--- Excerpted data Enclosed Below ---

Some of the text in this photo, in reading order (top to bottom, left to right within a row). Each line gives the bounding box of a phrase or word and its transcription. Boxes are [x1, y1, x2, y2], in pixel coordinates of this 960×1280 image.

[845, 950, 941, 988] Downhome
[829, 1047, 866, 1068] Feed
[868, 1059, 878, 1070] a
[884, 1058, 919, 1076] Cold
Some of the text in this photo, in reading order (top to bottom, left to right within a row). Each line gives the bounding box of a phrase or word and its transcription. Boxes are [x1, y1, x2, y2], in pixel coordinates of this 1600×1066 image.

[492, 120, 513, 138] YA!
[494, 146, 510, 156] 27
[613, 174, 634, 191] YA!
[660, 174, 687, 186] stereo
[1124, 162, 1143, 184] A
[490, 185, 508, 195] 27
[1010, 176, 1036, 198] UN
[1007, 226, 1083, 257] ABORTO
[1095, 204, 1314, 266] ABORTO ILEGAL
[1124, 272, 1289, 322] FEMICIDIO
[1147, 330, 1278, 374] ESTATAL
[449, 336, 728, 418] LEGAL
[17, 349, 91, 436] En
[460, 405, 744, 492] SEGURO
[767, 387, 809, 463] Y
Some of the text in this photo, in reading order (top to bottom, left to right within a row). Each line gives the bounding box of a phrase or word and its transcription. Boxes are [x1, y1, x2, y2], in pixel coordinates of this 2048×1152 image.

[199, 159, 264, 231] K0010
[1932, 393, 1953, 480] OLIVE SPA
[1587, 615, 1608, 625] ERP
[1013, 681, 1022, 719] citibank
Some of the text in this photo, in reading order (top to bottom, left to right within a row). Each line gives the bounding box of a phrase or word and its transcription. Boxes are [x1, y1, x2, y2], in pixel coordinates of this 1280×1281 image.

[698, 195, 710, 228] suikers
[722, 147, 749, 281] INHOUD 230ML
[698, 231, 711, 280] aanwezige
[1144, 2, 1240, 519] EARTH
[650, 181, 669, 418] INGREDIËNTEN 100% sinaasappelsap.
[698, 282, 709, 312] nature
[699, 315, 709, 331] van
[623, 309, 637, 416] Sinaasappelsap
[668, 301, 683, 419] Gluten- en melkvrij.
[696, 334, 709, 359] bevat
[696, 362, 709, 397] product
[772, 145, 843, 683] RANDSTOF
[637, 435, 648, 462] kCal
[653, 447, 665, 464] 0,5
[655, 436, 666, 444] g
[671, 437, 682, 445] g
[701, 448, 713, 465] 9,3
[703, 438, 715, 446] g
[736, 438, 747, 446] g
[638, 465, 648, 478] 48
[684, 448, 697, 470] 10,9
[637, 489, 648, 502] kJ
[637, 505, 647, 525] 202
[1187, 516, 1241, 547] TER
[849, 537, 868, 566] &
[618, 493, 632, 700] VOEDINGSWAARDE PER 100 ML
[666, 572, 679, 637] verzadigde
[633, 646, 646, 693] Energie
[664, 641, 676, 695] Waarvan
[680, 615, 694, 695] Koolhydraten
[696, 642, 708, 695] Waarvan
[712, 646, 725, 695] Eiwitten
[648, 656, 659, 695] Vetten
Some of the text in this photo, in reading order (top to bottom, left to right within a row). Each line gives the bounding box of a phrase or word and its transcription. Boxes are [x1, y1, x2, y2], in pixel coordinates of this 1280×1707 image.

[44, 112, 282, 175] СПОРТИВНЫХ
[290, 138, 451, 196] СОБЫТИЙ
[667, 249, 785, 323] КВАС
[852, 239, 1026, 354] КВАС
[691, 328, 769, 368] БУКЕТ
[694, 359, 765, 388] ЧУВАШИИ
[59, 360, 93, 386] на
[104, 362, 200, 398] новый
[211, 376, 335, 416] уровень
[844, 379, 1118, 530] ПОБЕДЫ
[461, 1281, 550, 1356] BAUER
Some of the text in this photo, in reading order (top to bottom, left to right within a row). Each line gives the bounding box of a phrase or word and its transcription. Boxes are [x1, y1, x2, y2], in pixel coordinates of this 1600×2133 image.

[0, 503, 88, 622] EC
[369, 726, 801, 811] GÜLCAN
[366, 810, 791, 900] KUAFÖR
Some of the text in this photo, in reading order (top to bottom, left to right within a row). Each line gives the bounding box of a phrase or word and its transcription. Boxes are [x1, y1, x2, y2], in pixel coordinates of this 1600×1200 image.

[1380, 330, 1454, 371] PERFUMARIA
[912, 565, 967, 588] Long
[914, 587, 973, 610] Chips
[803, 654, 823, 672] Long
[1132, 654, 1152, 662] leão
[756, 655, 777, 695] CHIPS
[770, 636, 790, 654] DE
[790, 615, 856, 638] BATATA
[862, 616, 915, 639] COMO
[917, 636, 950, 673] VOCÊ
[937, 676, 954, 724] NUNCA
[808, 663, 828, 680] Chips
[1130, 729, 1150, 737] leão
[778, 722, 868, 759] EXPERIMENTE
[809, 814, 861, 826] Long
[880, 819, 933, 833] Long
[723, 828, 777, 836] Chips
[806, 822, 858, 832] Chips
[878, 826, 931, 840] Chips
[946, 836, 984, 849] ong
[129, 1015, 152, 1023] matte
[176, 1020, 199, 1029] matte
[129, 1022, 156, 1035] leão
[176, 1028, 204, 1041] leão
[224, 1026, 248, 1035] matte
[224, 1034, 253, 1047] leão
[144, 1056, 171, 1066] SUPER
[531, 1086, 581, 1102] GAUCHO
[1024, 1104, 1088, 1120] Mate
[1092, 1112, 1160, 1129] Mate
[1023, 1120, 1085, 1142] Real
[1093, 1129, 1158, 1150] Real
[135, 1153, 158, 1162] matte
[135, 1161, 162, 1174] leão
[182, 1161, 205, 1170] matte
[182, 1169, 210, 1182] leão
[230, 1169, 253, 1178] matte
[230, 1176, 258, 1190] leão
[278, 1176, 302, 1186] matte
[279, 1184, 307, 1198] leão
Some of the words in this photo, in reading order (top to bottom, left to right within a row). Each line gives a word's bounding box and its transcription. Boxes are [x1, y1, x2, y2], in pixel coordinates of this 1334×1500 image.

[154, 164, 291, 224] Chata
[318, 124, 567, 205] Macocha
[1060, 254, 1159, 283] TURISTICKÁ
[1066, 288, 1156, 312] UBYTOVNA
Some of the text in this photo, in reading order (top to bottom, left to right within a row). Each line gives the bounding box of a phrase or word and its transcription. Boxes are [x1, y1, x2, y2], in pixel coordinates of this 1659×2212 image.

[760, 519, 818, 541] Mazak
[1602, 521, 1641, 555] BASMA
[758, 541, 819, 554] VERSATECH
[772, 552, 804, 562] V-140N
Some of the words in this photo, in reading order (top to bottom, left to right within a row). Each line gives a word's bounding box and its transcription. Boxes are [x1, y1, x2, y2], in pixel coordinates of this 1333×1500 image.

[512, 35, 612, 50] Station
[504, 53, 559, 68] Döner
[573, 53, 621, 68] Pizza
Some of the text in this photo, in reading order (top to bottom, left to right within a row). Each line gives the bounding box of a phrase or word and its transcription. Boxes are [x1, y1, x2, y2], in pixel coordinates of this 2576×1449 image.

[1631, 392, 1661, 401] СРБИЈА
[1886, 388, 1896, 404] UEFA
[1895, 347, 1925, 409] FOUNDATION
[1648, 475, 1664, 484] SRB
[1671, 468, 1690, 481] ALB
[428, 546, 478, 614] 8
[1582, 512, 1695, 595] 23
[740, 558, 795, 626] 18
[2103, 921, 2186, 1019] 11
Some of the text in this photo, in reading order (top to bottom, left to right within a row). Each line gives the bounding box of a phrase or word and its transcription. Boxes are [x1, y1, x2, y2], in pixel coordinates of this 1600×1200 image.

--- End of Enclosed Excerpted data ---

* **What is needed**: The whole listing above needs to be written out again exactly.

* **Completed exercise**:
Some of the text in this photo, in reading order (top to bottom, left to right within a row). Each line gives the bounding box of a phrase or word and its transcription. Boxes are [x1, y1, x2, y2], in pixel coordinates of this 960×1280 image.

[845, 950, 941, 988] Downhome
[829, 1047, 866, 1068] Feed
[868, 1059, 878, 1070] a
[884, 1058, 919, 1076] Cold
Some of the text in this photo, in reading order (top to bottom, left to right within a row). Each line gives the bounding box of a phrase or word and its transcription. Boxes are [x1, y1, x2, y2], in pixel coordinates of this 1600×1066 image.

[492, 120, 513, 138] YA!
[494, 146, 510, 156] 27
[613, 174, 634, 191] YA!
[660, 174, 687, 186] stereo
[1124, 162, 1143, 184] A
[490, 185, 508, 195] 27
[1010, 176, 1036, 198] UN
[1007, 226, 1083, 257] ABORTO
[1095, 204, 1314, 266] ABORTO ILEGAL
[1124, 272, 1289, 322] FEMICIDIO
[1147, 330, 1278, 374] ESTATAL
[449, 336, 728, 418] LEGAL
[17, 349, 91, 436] En
[460, 405, 744, 492] SEGURO
[767, 387, 809, 463] Y
Some of the text in this photo, in reading order (top to bottom, left to right within a row). Each line gives the bounding box of a phrase or word and its transcription. Boxes are [x1, y1, x2, y2], in pixel coordinates of this 2048×1152 image.

[199, 159, 264, 231] K0010
[1932, 393, 1953, 480] OLIVE SPA
[1587, 615, 1608, 625] ERP
[1013, 681, 1022, 719] citibank
Some of the text in this photo, in reading order (top to bottom, left to right within a row). Each line gives the bounding box of a phrase or word and its transcription. Boxes are [x1, y1, x2, y2], in pixel coordinates of this 1280×1281 image.

[698, 195, 710, 228] suikers
[722, 147, 749, 281] INHOUD 230ML
[698, 231, 711, 280] aanwezige
[1144, 2, 1240, 519] EARTH
[650, 181, 669, 418] INGREDIËNTEN 100% sinaasappelsap.
[698, 282, 709, 312] nature
[699, 315, 709, 331] van
[623, 309, 637, 416] Sinaasappelsap
[668, 301, 683, 419] Gluten- en melkvrij.
[696, 334, 709, 359] bevat
[696, 362, 709, 397] product
[772, 145, 843, 683] RANDSTOF
[637, 435, 648, 462] kCal
[653, 447, 665, 464] 0,5
[655, 436, 666, 444] g
[671, 437, 682, 445] g
[701, 448, 713, 465] 9,3
[703, 438, 715, 446] g
[736, 438, 747, 446] g
[638, 465, 648, 478] 48
[684, 448, 697, 470] 10,9
[637, 489, 648, 502] kJ
[637, 505, 647, 525] 202
[1187, 516, 1241, 547] TER
[849, 537, 868, 566] &
[618, 493, 632, 700] VOEDINGSWAARDE PER 100 ML
[666, 572, 679, 637] verzadigde
[633, 646, 646, 693] Energie
[664, 641, 676, 695] Waarvan
[680, 615, 694, 695] Koolhydraten
[696, 642, 708, 695] Waarvan
[712, 646, 725, 695] Eiwitten
[648, 656, 659, 695] Vetten
Some of the text in this photo, in reading order (top to bottom, left to right within a row). Each line gives the bounding box of a phrase or word and its transcription. Boxes are [x1, y1, x2, y2], in pixel coordinates of this 1280×1707 image.

[44, 112, 282, 175] СПОРТИВНЫХ
[290, 138, 451, 196] СОБЫТИЙ
[667, 249, 785, 323] КВАС
[852, 239, 1026, 354] КВАС
[691, 328, 769, 368] БУКЕТ
[694, 359, 765, 388] ЧУВАШИИ
[59, 360, 93, 386] на
[104, 362, 200, 398] новый
[211, 376, 335, 416] уровень
[844, 379, 1118, 530] ПОБЕДЫ
[461, 1281, 550, 1356] BAUER
Some of the text in this photo, in reading order (top to bottom, left to right within a row). Each line gives the bounding box of a phrase or word and its transcription. Boxes are [x1, y1, x2, y2], in pixel coordinates of this 1600×2133 image.

[0, 503, 88, 622] EC
[369, 726, 801, 811] GÜLCAN
[366, 810, 791, 900] KUAFÖR
Some of the text in this photo, in reading order (top to bottom, left to right within a row). Each line gives the bounding box of a phrase or word and its transcription. Boxes are [x1, y1, x2, y2], in pixel coordinates of this 1600×1200 image.

[1380, 330, 1454, 371] PERFUMARIA
[912, 565, 967, 588] Long
[914, 587, 973, 610] Chips
[803, 654, 823, 672] Long
[1132, 654, 1152, 662] leão
[756, 655, 777, 695] CHIPS
[770, 636, 790, 654] DE
[790, 615, 856, 638] BATATA
[862, 616, 915, 639] COMO
[917, 636, 950, 673] VOCÊ
[937, 676, 954, 724] NUNCA
[808, 663, 828, 680] Chips
[1130, 729, 1150, 737] leão
[778, 722, 868, 759] EXPERIMENTE
[809, 814, 861, 826] Long
[880, 819, 933, 833] Long
[723, 828, 777, 836] Chips
[806, 822, 858, 832] Chips
[878, 826, 931, 840] Chips
[946, 836, 984, 849] ong
[129, 1015, 152, 1023] matte
[176, 1020, 199, 1029] matte
[129, 1022, 156, 1035] leão
[176, 1028, 204, 1041] leão
[224, 1026, 248, 1035] matte
[224, 1034, 253, 1047] leão
[144, 1056, 171, 1066] SUPER
[531, 1086, 581, 1102] GAUCHO
[1024, 1104, 1088, 1120] Mate
[1092, 1112, 1160, 1129] Mate
[1023, 1120, 1085, 1142] Real
[1093, 1129, 1158, 1150] Real
[135, 1153, 158, 1162] matte
[135, 1161, 162, 1174] leão
[182, 1161, 205, 1170] matte
[182, 1169, 210, 1182] leão
[230, 1169, 253, 1178] matte
[230, 1176, 258, 1190] leão
[278, 1176, 302, 1186] matte
[279, 1184, 307, 1198] leão
Some of the words in this photo, in reading order (top to bottom, left to right within a row). Each line gives a word's bounding box and its transcription. Boxes are [x1, y1, x2, y2], in pixel coordinates of this 1334×1500 image.

[154, 164, 291, 224] Chata
[318, 124, 567, 205] Macocha
[1060, 254, 1159, 283] TURISTICKÁ
[1066, 288, 1156, 312] UBYTOVNA
Some of the text in this photo, in reading order (top to bottom, left to right within a row). Each line gives the bounding box of a phrase or word and its transcription. Boxes are [x1, y1, x2, y2], in pixel coordinates of this 1659×2212 image.

[760, 519, 818, 541] Mazak
[1602, 521, 1641, 555] BASMA
[758, 541, 819, 554] VERSATECH
[772, 552, 804, 562] V-140N
Some of the words in this photo, in reading order (top to bottom, left to right within a row). Each line gives a word's bounding box and its transcription. Boxes are [x1, y1, x2, y2], in pixel coordinates of this 1333×1500 image.

[512, 35, 612, 50] Station
[504, 53, 559, 68] Döner
[573, 53, 621, 68] Pizza
Some of the text in this photo, in reading order (top to bottom, left to right within a row). Each line gives the bounding box of a phrase or word and its transcription. Boxes are [x1, y1, x2, y2], in pixel coordinates of this 2576×1449 image.

[1631, 392, 1661, 401] СРБИЈА
[1886, 388, 1896, 404] UEFA
[1895, 347, 1925, 409] FOUNDATION
[1648, 475, 1664, 484] SRB
[1671, 468, 1690, 481] ALB
[428, 546, 478, 614] 8
[1582, 512, 1695, 595] 23
[740, 558, 795, 626] 18
[2103, 921, 2186, 1019] 11
Some of the text in this photo, in reading order (top to bottom, left to right within a row). Each line gives the bounding box of a phrase or word and its transcription. Boxes are [x1, y1, x2, y2], in pixel coordinates of this 1600×1200 image.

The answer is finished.